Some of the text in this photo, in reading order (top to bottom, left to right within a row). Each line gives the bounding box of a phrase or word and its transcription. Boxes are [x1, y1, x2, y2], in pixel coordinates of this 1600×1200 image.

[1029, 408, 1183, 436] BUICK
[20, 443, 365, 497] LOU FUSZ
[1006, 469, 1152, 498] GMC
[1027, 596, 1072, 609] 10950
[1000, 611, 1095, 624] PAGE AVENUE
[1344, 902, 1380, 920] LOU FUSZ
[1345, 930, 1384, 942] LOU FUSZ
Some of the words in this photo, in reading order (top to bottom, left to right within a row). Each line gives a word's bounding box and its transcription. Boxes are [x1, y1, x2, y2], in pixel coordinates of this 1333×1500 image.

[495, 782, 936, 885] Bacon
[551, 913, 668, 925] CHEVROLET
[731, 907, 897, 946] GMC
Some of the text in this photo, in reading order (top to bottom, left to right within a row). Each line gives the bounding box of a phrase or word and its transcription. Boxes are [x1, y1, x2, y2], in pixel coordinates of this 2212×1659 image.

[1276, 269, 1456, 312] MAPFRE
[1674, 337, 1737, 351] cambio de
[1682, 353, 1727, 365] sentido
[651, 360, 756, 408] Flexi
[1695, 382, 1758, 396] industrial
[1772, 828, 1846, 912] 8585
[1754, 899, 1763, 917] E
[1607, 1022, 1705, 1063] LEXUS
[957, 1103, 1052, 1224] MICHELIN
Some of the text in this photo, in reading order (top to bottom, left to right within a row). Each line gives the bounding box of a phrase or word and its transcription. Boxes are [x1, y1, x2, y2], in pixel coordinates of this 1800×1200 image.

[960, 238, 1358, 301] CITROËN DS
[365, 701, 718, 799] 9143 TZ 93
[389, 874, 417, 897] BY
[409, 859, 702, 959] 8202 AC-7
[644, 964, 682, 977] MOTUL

* * * * * * *

> _EXERCISE AIM_:
The full set of entries, copied exactly, is the expected answer.

> _TASK RESULT_:
Some of the text in this photo, in reading order (top to bottom, left to right within a row). Each line gives the bounding box of a phrase or word and its transcription. Boxes are [x1, y1, x2, y2], in pixel coordinates of this 1600×1200 image.

[1029, 408, 1183, 436] BUICK
[20, 443, 365, 497] LOU FUSZ
[1006, 469, 1152, 498] GMC
[1027, 596, 1072, 609] 10950
[1000, 611, 1095, 624] PAGE AVENUE
[1344, 902, 1380, 920] LOU FUSZ
[1345, 930, 1384, 942] LOU FUSZ
Some of the words in this photo, in reading order (top to bottom, left to right within a row). Each line gives a word's bounding box and its transcription. Boxes are [x1, y1, x2, y2], in pixel coordinates of this 1333×1500 image.

[495, 782, 936, 885] Bacon
[551, 913, 668, 925] CHEVROLET
[731, 907, 897, 946] GMC
Some of the text in this photo, in reading order (top to bottom, left to right within a row). Each line gives the bounding box of a phrase or word and its transcription. Boxes are [x1, y1, x2, y2], in pixel coordinates of this 2212×1659 image.

[1276, 269, 1456, 312] MAPFRE
[1674, 337, 1737, 351] cambio de
[1682, 353, 1727, 365] sentido
[651, 360, 756, 408] Flexi
[1695, 382, 1758, 396] industrial
[1772, 828, 1846, 912] 8585
[1754, 899, 1763, 917] E
[1607, 1022, 1705, 1063] LEXUS
[957, 1103, 1052, 1224] MICHELIN
Some of the text in this photo, in reading order (top to bottom, left to right within a row). Each line gives the bounding box of a phrase or word and its transcription. Boxes are [x1, y1, x2, y2], in pixel coordinates of this 1800×1200 image.

[960, 238, 1358, 301] CITROËN DS
[365, 701, 718, 799] 9143 TZ 93
[389, 874, 417, 897] BY
[409, 859, 702, 959] 8202 AC-7
[644, 964, 682, 977] MOTUL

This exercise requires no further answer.